Jim Sheldon-Dean, is the founder and director of compliance services at Lewis Creek Systems, LLC, a Vermont-based consulting firm founded in 1982, providing information privacy and security regulatory compliance services to a variety of health care providers, businesses, universities, small and large hospitals, urban and rural mental health and social service agencies, health insurance plans, and health care business associates.He serves on the HIMSS Information Systems Security Workgroup, has co-chaired the Workgroup for Electronic Data Interchange Privacy and Security Workgroup, and is a recipient of the 2011 WEDI Award of Merit. He is a frequent speaker regarding HIPAA and information privacy and security compliance issues at seminars and conferences, including speaking engagements at AHIMA national and regional conventions and WEDI national conferences, and before the New York Metropolitan Chapter of the Healthcare Financial Management Association, Health Information Management Associations of Virginia, New York City, New York State, and Vermont, the Connecticut Hospital Association, and the Hospital and Health System Association of Pennsylvania.

Sheldon-Dean has nearly 30 years of experience in policy analysis and implementation, business process analysis, information systems and software development. His experience includes leading the development of health care related Web sites; award-winning, best-selling commercial utility software; and mission-critical, fault-tolerant communications satellite control systems. In addition, he has eight years of experience doing hands-on medical work as a Vermont certified volunteer emergency medical technician.

Sheldon-Dean received his B.S. degree, summa cum laude, from the University of Vermont and his master’s degree from the Massachusetts Institute of Technology.

Topic Background:

The HIPAA Security Rule, in place and as proposed in amendments going into effect in 2011, calls for all Covered Entities and Business Associates, and their subcontractors, to be in compliance with provisions protecting all kinds of electronic protected health information, including the adoption of a complete set of information security policies and procedures.

While many entities have gone through the processes necessary for HIPAA Security Rule compliance, many are only partially in compliance and have not adopted the policies and procedures necessary for compliance.  Many may be doing many of the right things for compliance, but have not documented their policies and procedures and compliance activities as required.  And many may be exposing themselves to potential breaches of security because of inadequate, undocumented security practices, policies, and procedures.
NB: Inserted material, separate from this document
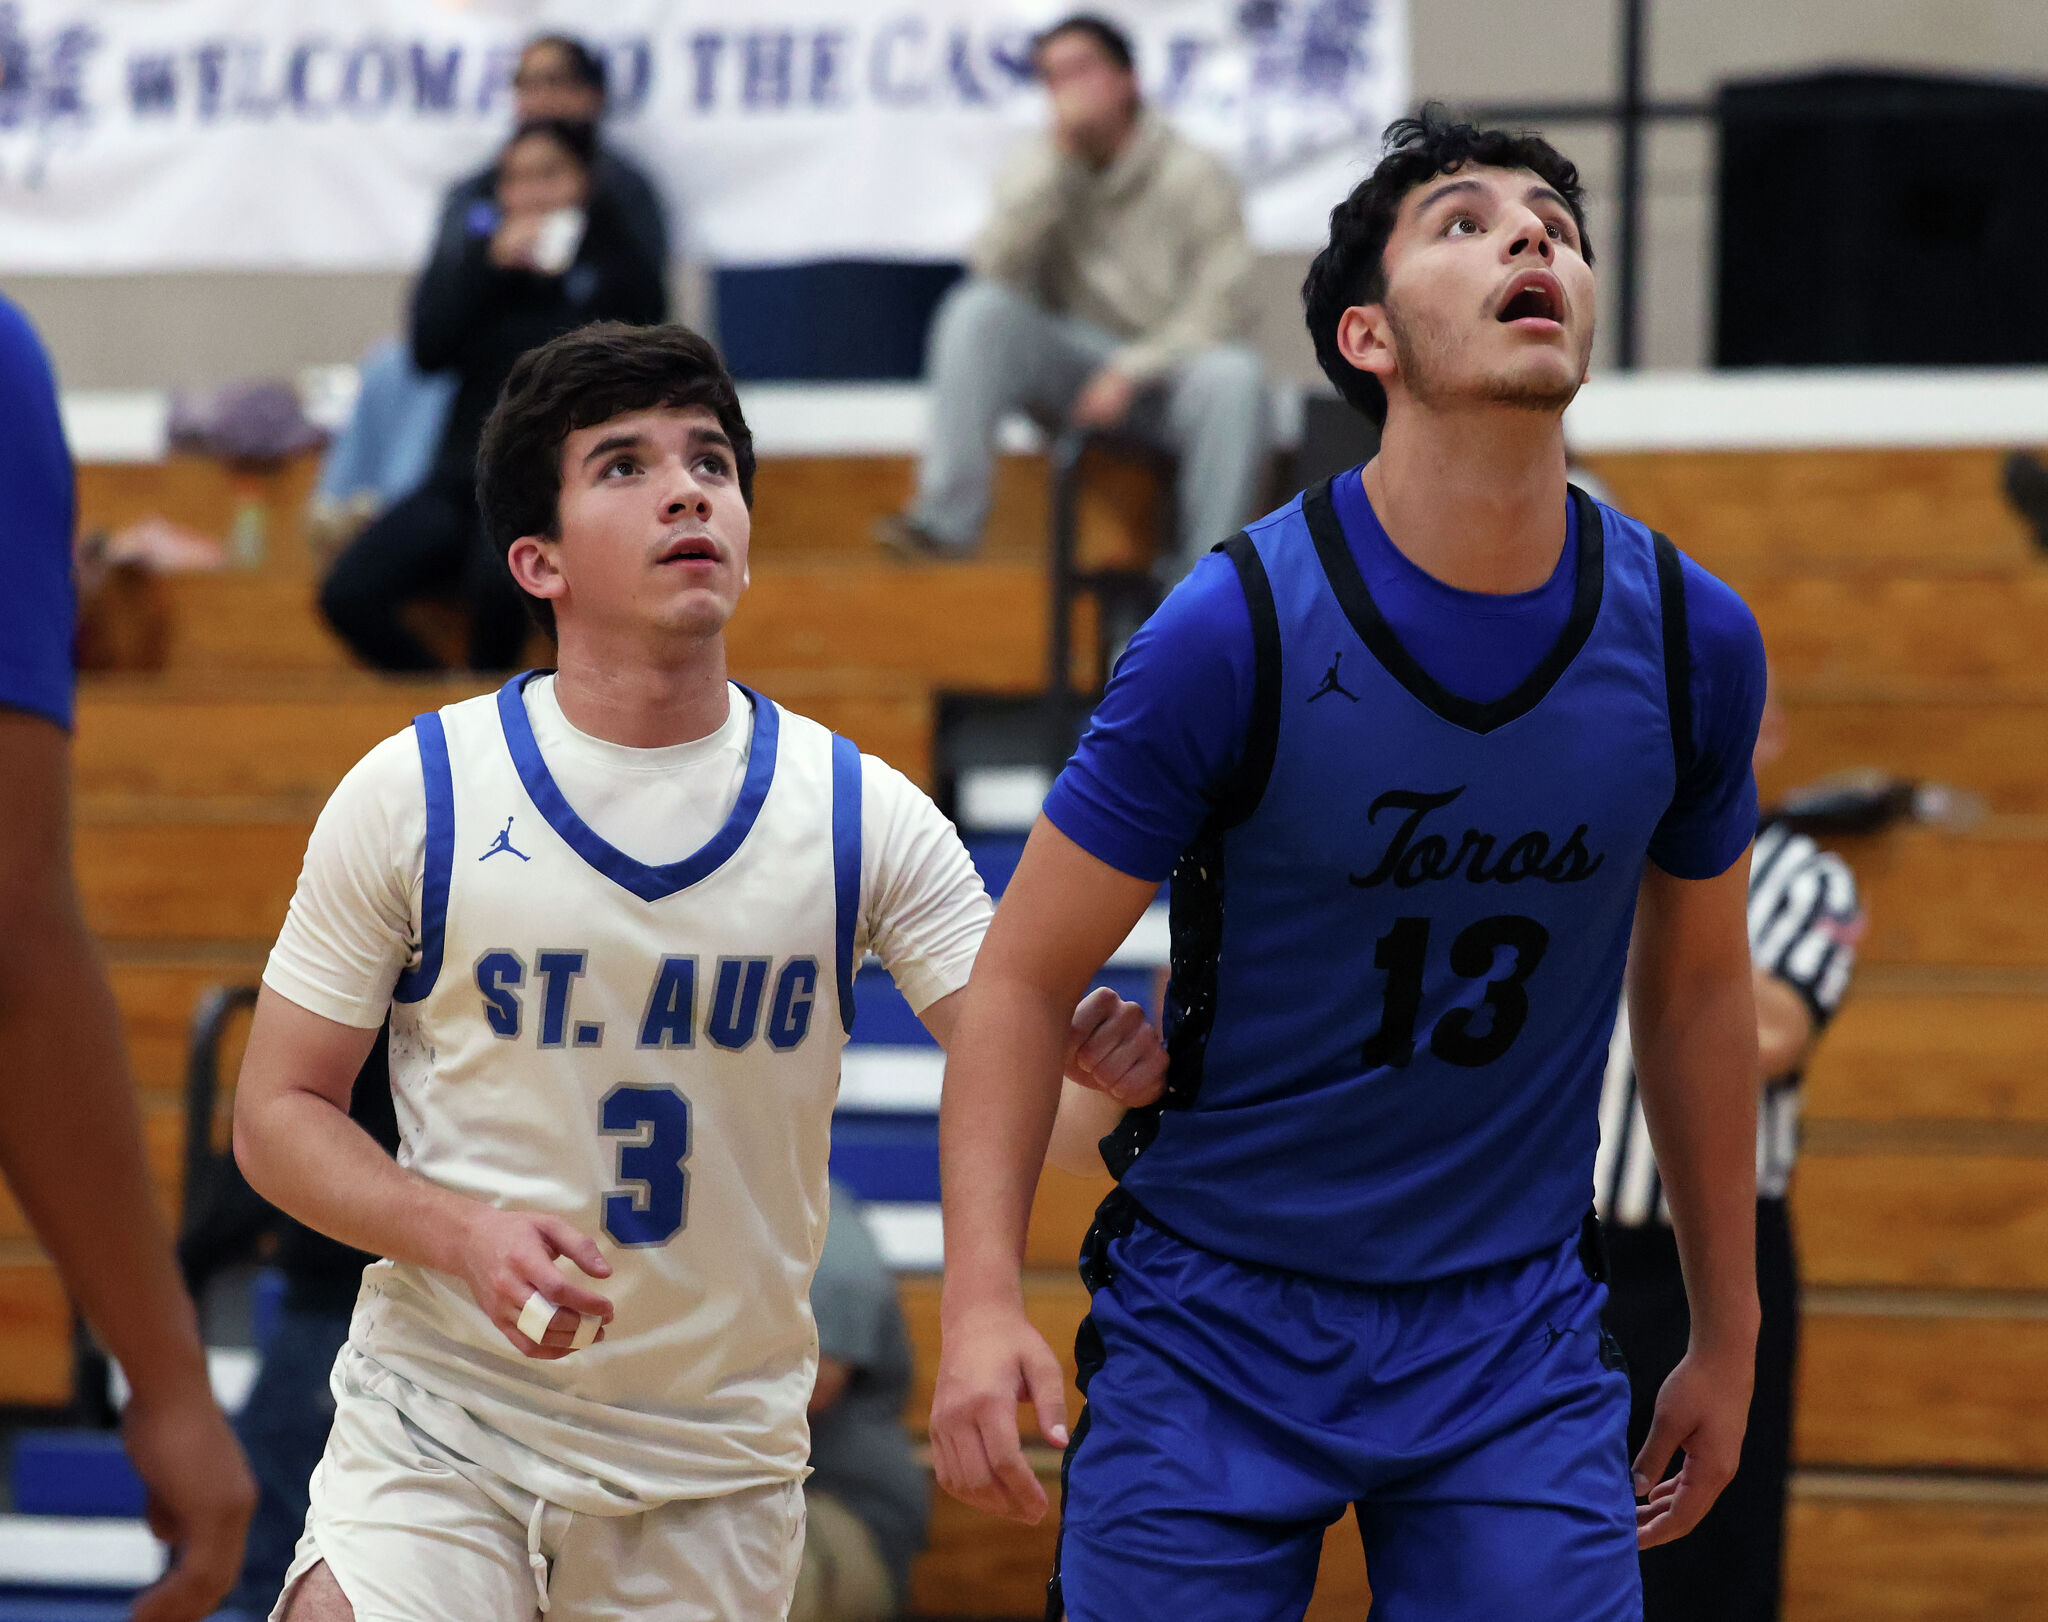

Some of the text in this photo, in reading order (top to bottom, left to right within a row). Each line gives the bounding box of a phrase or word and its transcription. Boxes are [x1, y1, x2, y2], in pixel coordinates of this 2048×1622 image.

Now there are new, increased penalties for HIPAA violations and a new auditing process is being developed so that HIPAA covered entities will be subject to reviews by the US Department of Health and Human Services' Office for Civil Rights even if no one files a complaint.

If you haven't done what's required under the HIPAA Security Rule, you could be liable for willful neglect penalties that begin at $10,000 minimum and go up from there.  You need the proper protections to secure protected health information, and the necessary documented policies and procedures, as well as documentation of any actions taken pursuant to your policies and procedures.

What's more, with the breach notification regulations established in 2009, the costs of not properly securing your data have increased dramatically.  With the ever-increasing use of electronic records and systems, and changes in how you do business, now is the time to review and renew your information security program, make sure you have the policies you need, and avoid violations and penalties for non-compliance.  Having the right policies and procedures in place can help prevent problems, and show that you've been doing your best even if a problem arises.